▶ Work order
The records below must be output exactly, without pictures.

##############################

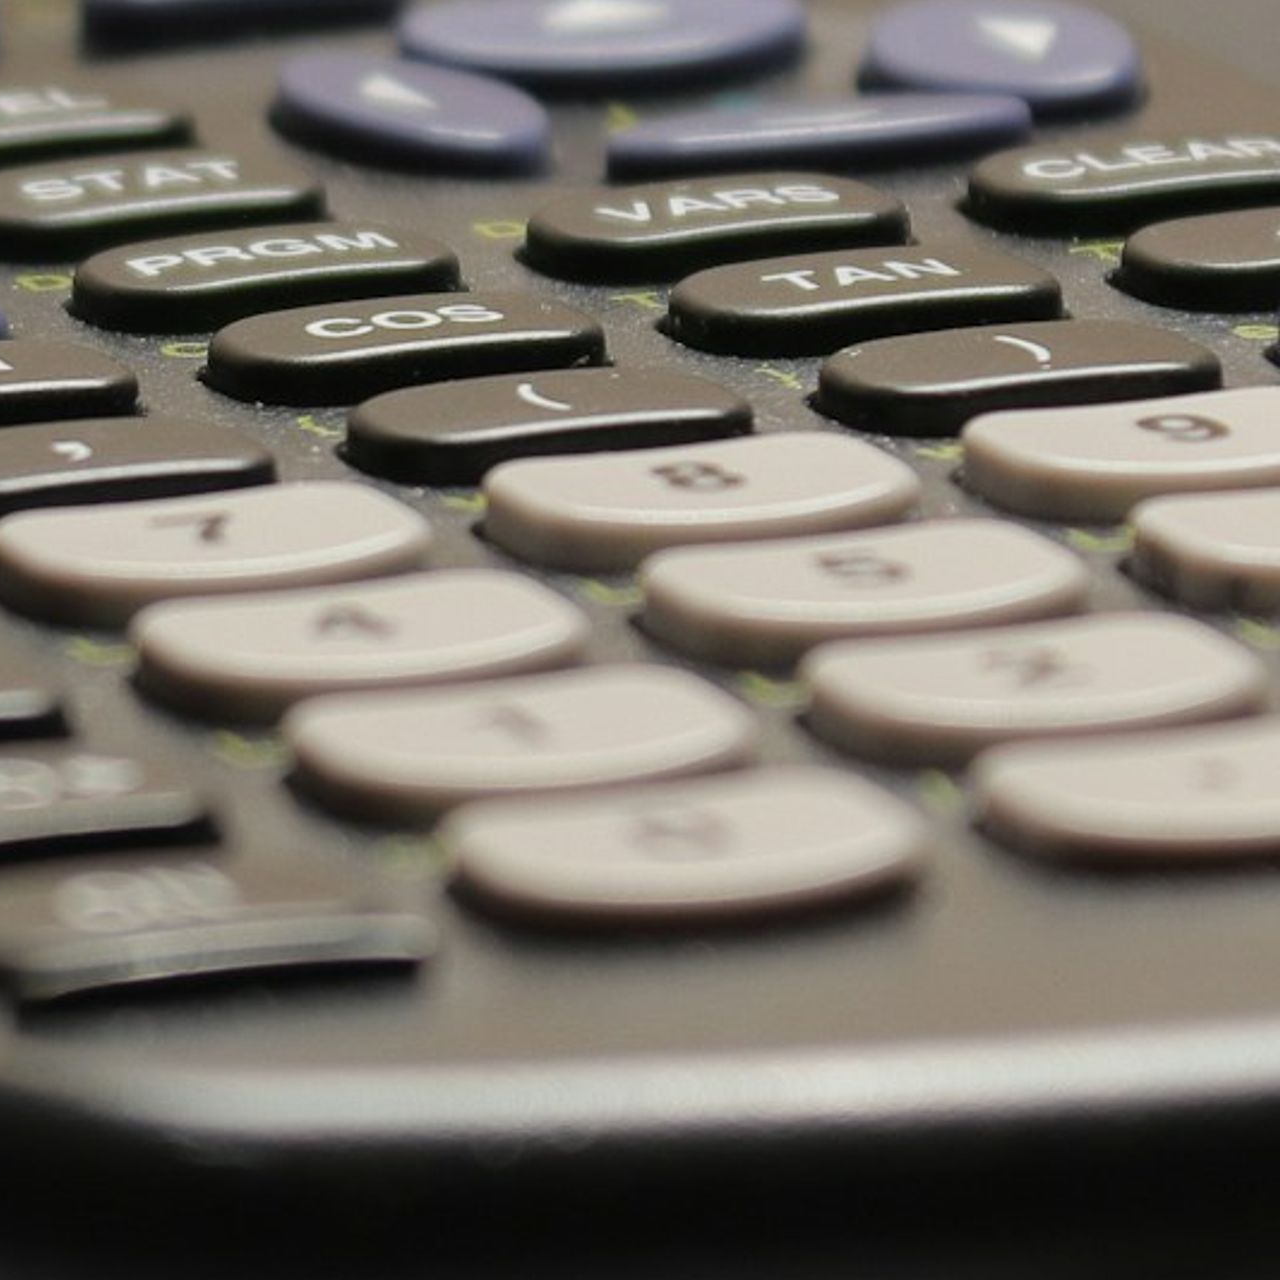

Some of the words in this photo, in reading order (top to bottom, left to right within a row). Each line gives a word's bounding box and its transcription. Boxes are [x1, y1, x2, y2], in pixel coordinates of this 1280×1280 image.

[20, 160, 238, 200] STAT
[594, 185, 840, 222] VARS
[127, 231, 400, 276] PRGM
[761, 257, 961, 291] TAN
[305, 304, 504, 338] COS
[1135, 413, 1231, 442] 9
[651, 460, 747, 491] 8

##############################

▶ Solution for this task
Some of the words in this photo, in reading order (top to bottom, left to right within a row). Each line gives a word's bounding box and its transcription. Boxes are [x1, y1, x2, y2], in pixel coordinates of this 1280×1280 image.

[20, 160, 238, 200] STAT
[594, 185, 840, 222] VARS
[127, 231, 400, 276] PRGM
[761, 257, 961, 291] TAN
[305, 304, 504, 338] COS
[1135, 413, 1231, 442] 9
[651, 460, 747, 491] 8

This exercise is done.